Work task:
Copy all the entries below exactly, but not the pictures.

Excerpted records:
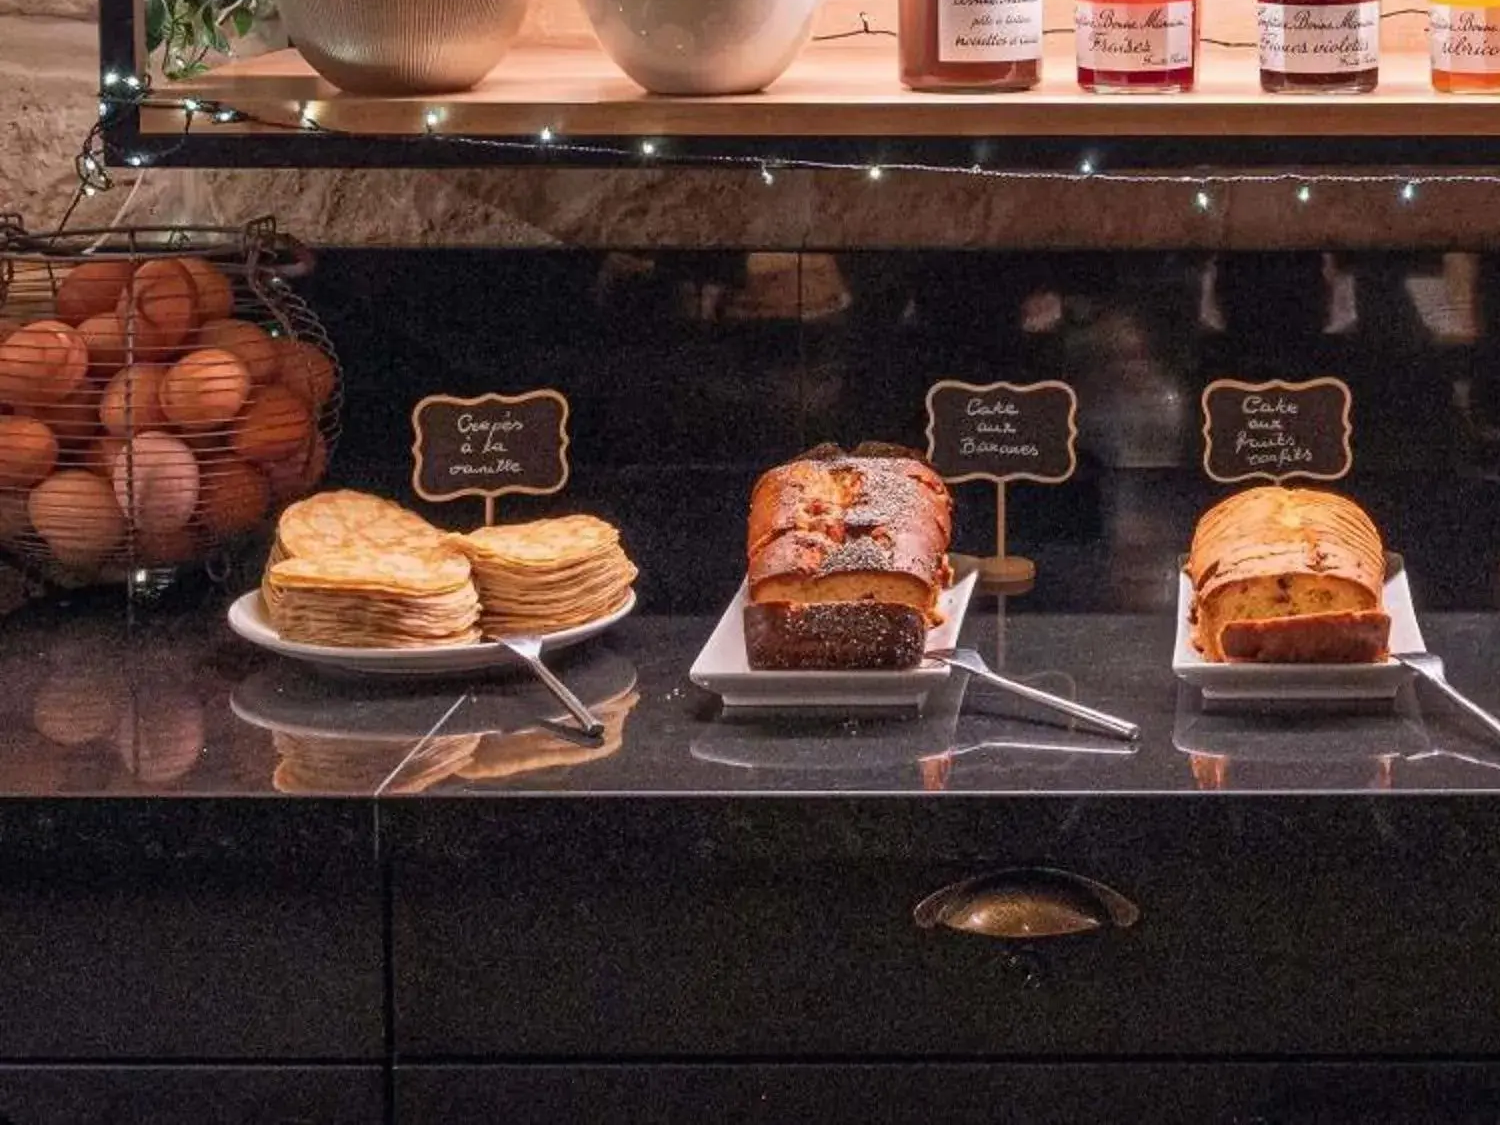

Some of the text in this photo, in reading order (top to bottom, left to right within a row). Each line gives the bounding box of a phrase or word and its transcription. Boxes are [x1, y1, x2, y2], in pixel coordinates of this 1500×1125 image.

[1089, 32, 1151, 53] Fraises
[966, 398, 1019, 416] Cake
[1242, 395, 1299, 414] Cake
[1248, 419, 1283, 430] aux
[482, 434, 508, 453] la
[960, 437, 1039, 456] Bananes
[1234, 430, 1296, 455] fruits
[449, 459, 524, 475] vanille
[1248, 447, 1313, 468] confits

Exercise output:
Some of the text in this photo, in reading order (top to bottom, left to right within a row). Each line gives the bounding box of a phrase or word and its transcription. Boxes are [x1, y1, x2, y2], in pixel coordinates of this 1500×1125 image.

[1089, 32, 1151, 53] Fraises
[966, 398, 1019, 416] Cake
[1242, 395, 1299, 414] Cake
[1248, 419, 1283, 430] aux
[482, 434, 508, 453] la
[960, 437, 1039, 456] Bananes
[1234, 430, 1296, 455] fruits
[449, 459, 524, 475] vanille
[1248, 447, 1313, 468] confits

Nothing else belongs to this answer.